After all. This didn't have anything to do with love.

She tangled her bare legs around his, lamplight painting their movement with shadows and gold, their enthusiasm almost akin to desperation. The heat ripping through her made her dizzy, giving her a bravado she would never have had before. This time, she didn't have to think about how quickly it was all happening, and how far she'd let it go before she'd have to stop him. She'd already decided long ago.

"You're going to do it, aren't you?"

His eyes opened suddenly, a little vacant with hysteria, though his voice was soft. "…do what?"

"You're going to make love to me, aren't you?" Typical Cleo, she almost sounded annoyed, seemingly unaware that he'd never be able to stop now even if she changed her mind. The chained demon was loose. He could barely speak, for god's sake, he was panting like a dog. Maybe she just wanted to see his incredulous expression and probably got it, but he couldn't tell. If she'd really wanted an answer, a verbal one, he didn't deliver.

It was already happening almost before she knew it, a stinging pain appearing and vanishing, washed away in a tide of adrenaline and the rush of blood shaking through her heart like a flash flood. In the dwindling light, he slid over her like the ocean's rising and falling. Slide and crash. She clung to him, moving with him. Vaguely she could hear the roar of the rain, the rhythm of his breathing. Their skin adhered, limbs tangled together, sweat mingling, their breath racing, mouths coming together in intermittent, heart-pounding kisses.
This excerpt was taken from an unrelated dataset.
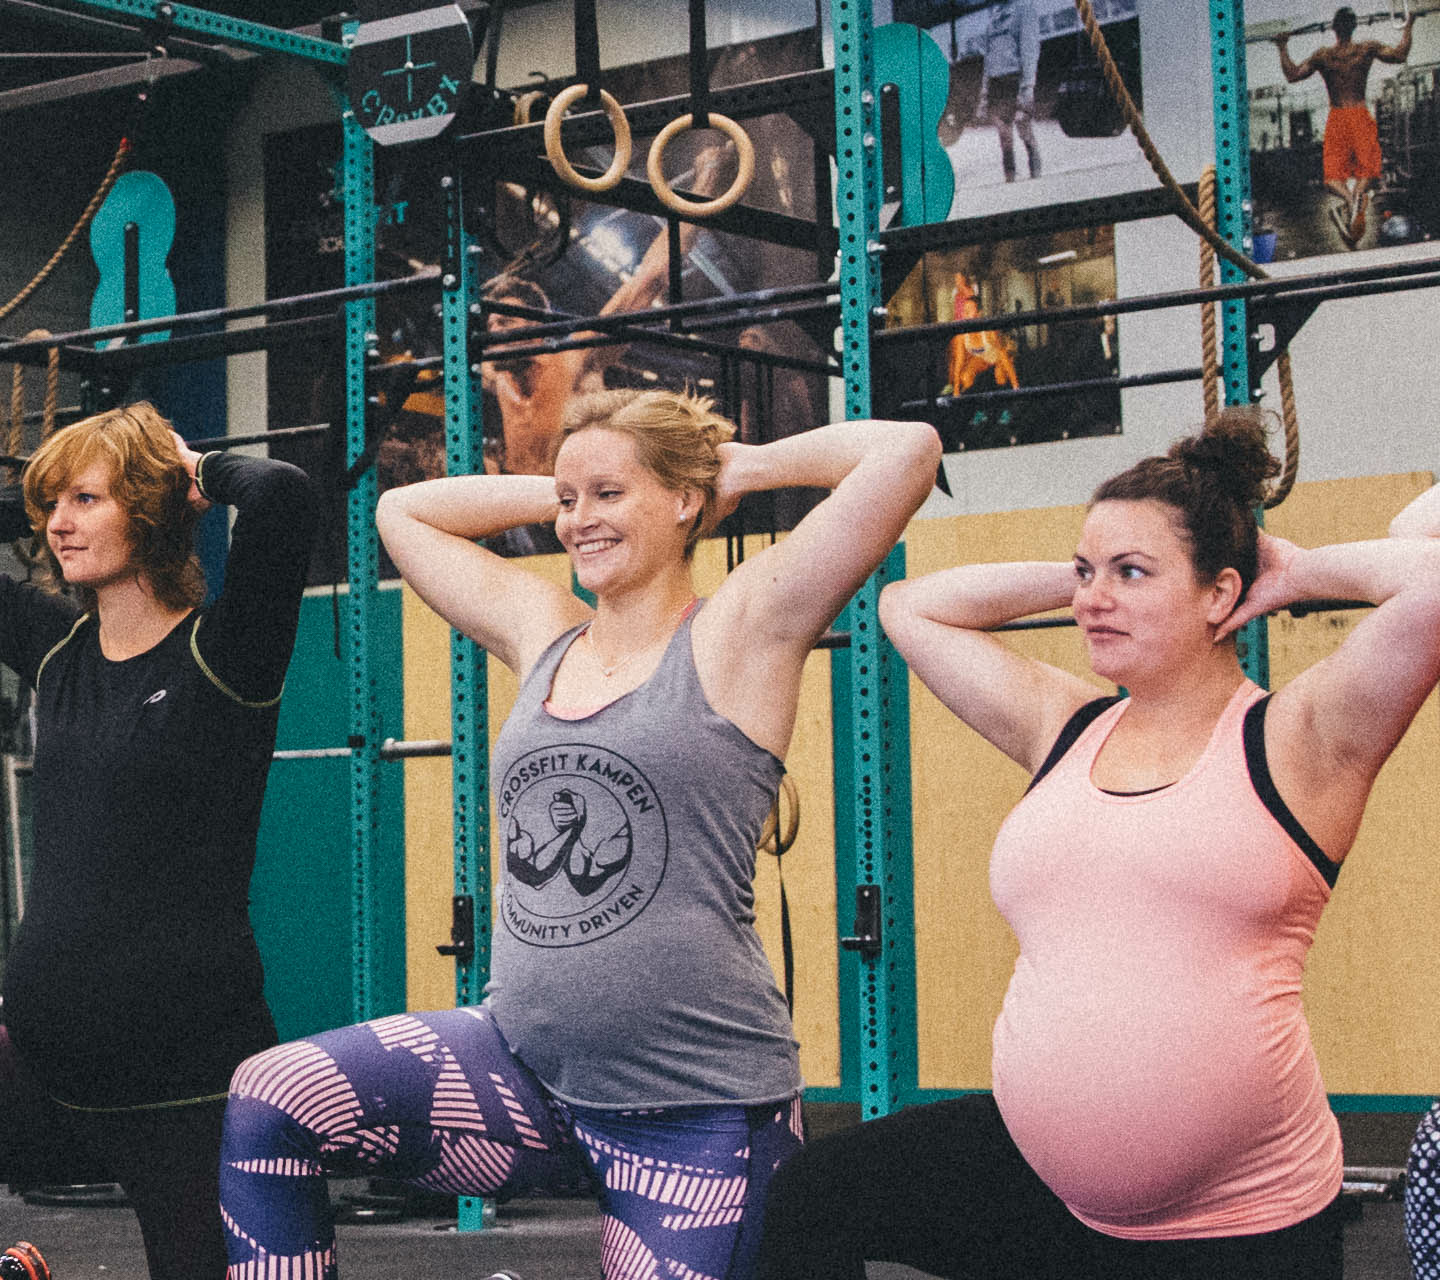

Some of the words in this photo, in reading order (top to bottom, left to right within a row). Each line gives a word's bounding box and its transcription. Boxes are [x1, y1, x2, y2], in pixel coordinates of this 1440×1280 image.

[500, 754, 569, 818] CROSSFIT
[576, 753, 655, 814] KAMPEN
[579, 883, 645, 935] DRIVEN
And with the tension stretching and releasing fiercely like a snapping bowstring; with clenching hands and outcries muffled against skin and bedclothes or ringing into the humid air, it was over as suddenly as it had started.

The following stillness was filled with the running of fingers along bare, hot skin and furtive glances. Cleo reached up to brush some damp hair from his forehead, watching him close his eyes in response to her touch and drop his head to rest it on her chest, breathless, gathering his wits.

Even as they uncoupled, the way he held her against him, the way he was slightly shaking, the hitch in his breath: she had never been more in love with him. Or more afraid to speak and break their momentary truce. He silently pulled the rumpled sheet over them, one arm still around her like he may be afraid to let go. As if letting go, or speaking, might propel them back into reality where they would have to face what they had just done, and how it would irrevocably change everything between them whether they acknowledged it or not.

He didn't seem to have anything to say just now, and for once, Cleo wasn't going to squeeze a comment out of him. She held onto him in the silence, delirious and exhausted with her head on his chest, listening as his heartbeat slowed and began to even out. Soon the emotional fatigue barreled its full weight into her, and she went careening into exhaustion, then tumbling off the steep cliff of sleep.